Managing hydropower system network

The management of hydropower production networks has been under study for many years. The objective in the operation of multi-reservoir systems is to find an optimal decision policy that determines the release of water from each dam, in order to maximize the expected value of the reward function over the desired time horizon. The reward function must be evaluated carefully and strongly depends on the case study. It usually consists in a trade-off between electric power production and the value of the water stored in the reservoir. The complexity of the control problem is augmented by considering many characteristics such as unregulated inflows, hydrologic parameters, system demands and economic parameters that should be treated as random variables. The challenging task is then how to solve this large-scale multireservoir problem under the presence of different sources of uncertainties. In this thesis, the integration of Reinforcement Learning is presented to provide an efficient optimization framework for the management of large-scale hydroelectric power systems. Reinforcement Learning is a branch of artificial intelligence that may retain several key benefits in treating problems that are too large to be handled by traditional dynamic programming techniques. In this study, we tailor major concepts and computational aspects of the application of Reinforcement Learning to solve the management problem of multi-reservoir. The Reinforcement Learning optimization model is then implemented on the Hydro-Québec multi-reservoir complex located at the Rivière Romaine in Québec. The model is initially used to obtain release policies for the short term management of the previously-mentioned reservoir complex, more precisely the optimization is done spanning a two weeks and one month time horizon. Three different algorithms are developed and tested: the first one consists in a standard lookup table version, whereas the latter two are integrated with continuous function approximation techniques to reduce the model complexity and the computing time. Due to their reduced computational time and solution quality, the last two algorithms are then used to extend the model to the long-term management of the reservoirs covering a whole year of release policies. The results show that the Reinforcement Learning model is effective and reliable in solving the considered large-scale reservoir operational problem.
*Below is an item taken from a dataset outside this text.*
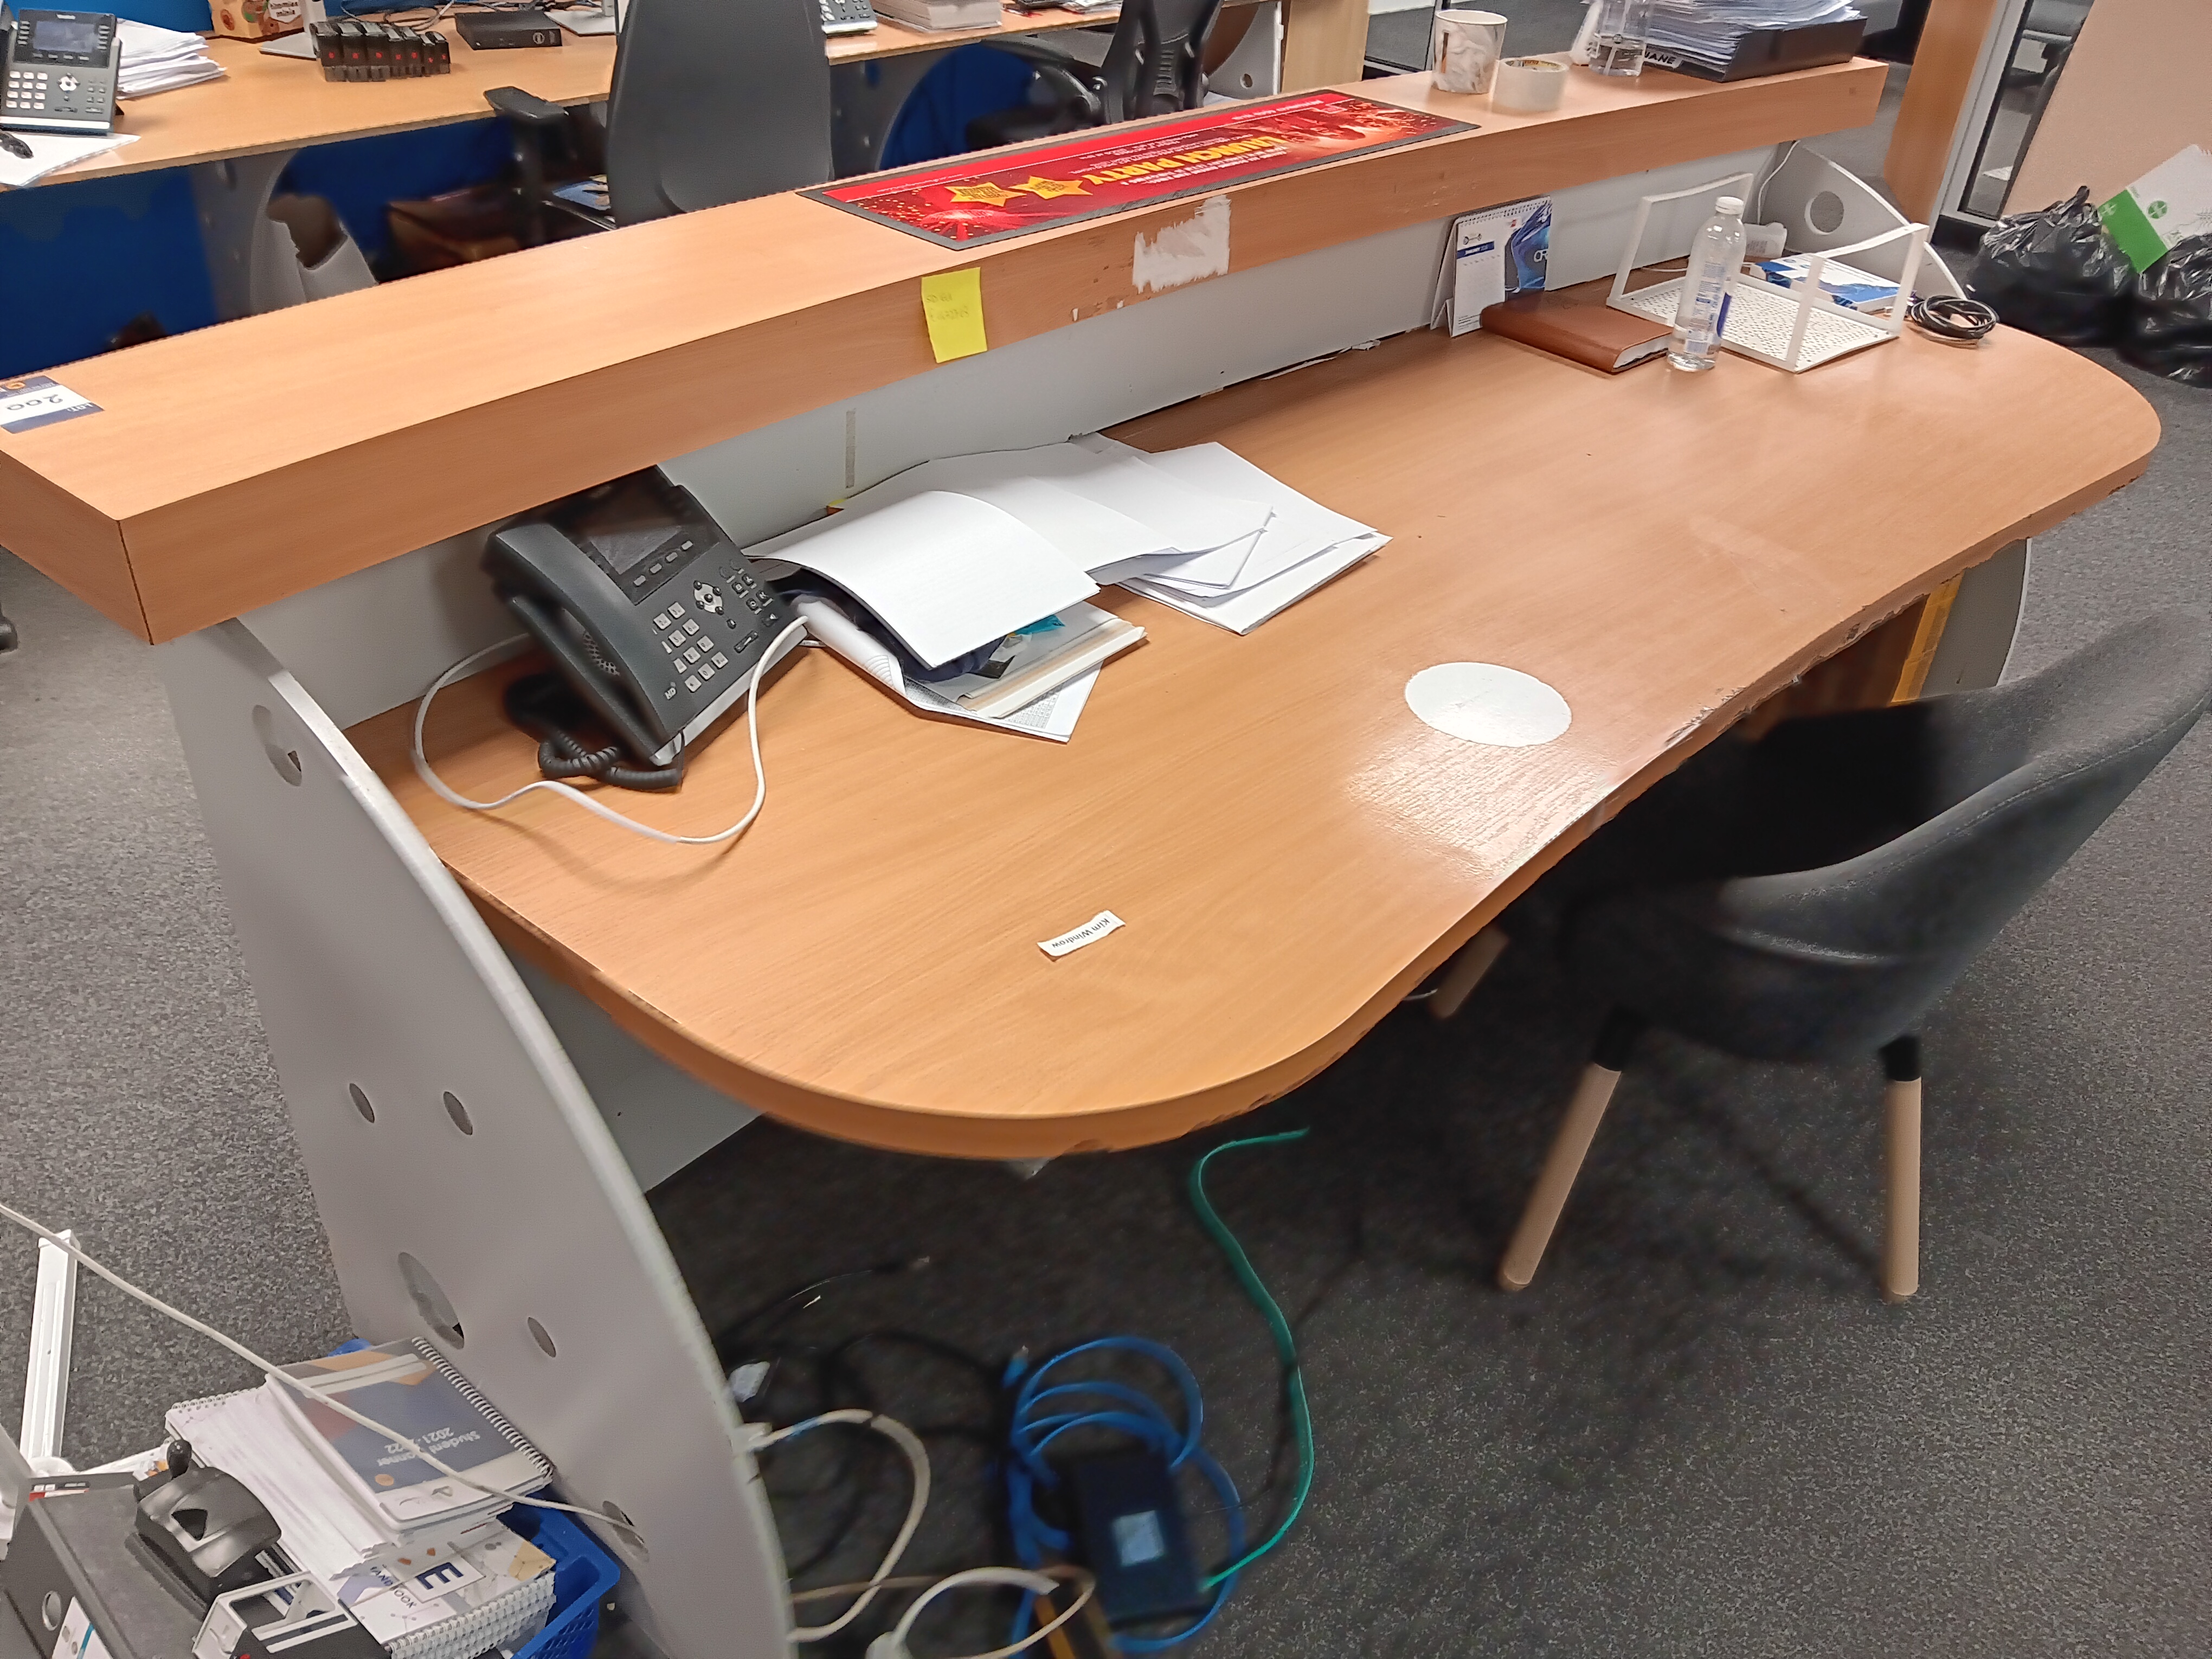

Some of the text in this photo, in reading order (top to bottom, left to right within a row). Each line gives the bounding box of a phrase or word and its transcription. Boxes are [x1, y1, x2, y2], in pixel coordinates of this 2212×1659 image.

La regolazione di produzione di energia idroelettrica è stata oggetto di studi per molti anni. L'obiettivo delle operazioni in un sistema con numerose dighe è di trovare una strategia di rilascio di acqua ottimale, che regoli il rilascio di acqua da ogni diga in modo da massimizzare la funzione obiettivo nel intervallo di tempo considerato. La funzione obiettivo deve essere valutata attentamente e dipende fortemente dal caso studio. Di solito consiste in un trade-off tra la produzione di energia elettrica e il valore finale dell'acqua alla fine dell'orizzonte temporale. La complessità del sistema di controllo è accresciuta dalla presenza di numerose caratteristiche come il flusso in ingresso non regolato, parametri idrologici, le richieste del sistema e parametri economici che devono essere trattate come variabili random. Il problema diventa quindi come risolvere l'ottimizzazione di un sistema di dighe con la presenza di numerose fonti di incertezza. In questa tesi, l'integrazione del metodo di Reinforcement Learning è presentata per fornire un efficiente metodo di ottimizzazione per il management di un sistema di dighe. Reinforcement Learning è un ramo dell'intelligenza artificiale che può possedere numerosi benefici nel trattare problemi che sono troppo vasti per essere trattati dalle tradizionali tecniche di programmazione dinamica. In questo studio, presentiamo i principali aspetti computazionali dell'algoritmo di Reinforcement Learning per la risoluzione dell'ottimizzazione di un sistema di dighe. Il modello di reinforment learning è applicato al complesso di dighe di Hydro-Québec situato sul fiume Romaine in Québec. Il modello è inizialmente utilizzato per ottenere la strategia di rilascio per il breve periodo. Più precisamente, l'ottimizzazione ricopre un orizzonte temporale di due settimane e un mese. Tre diversi algoritmi sono sviluppati e testati: il primo consiste nella versione standard di lookup table, mentre gli altri due sono integrati con tecniche di approsimazione di funzione per ridurre la complessità del modello. Grazie al loro ridotto tempo computazionale e alla qualità della soluzione, gli ultimi due algoritmi sono usati per estendere l'orizzonte temporale ad un anno intero di operazioni. I risultati ottenuti dimostrano che reinforcement learning può essere applicato con successo per risolvere il problema della gestione dell'acqua in un complesso di dighe.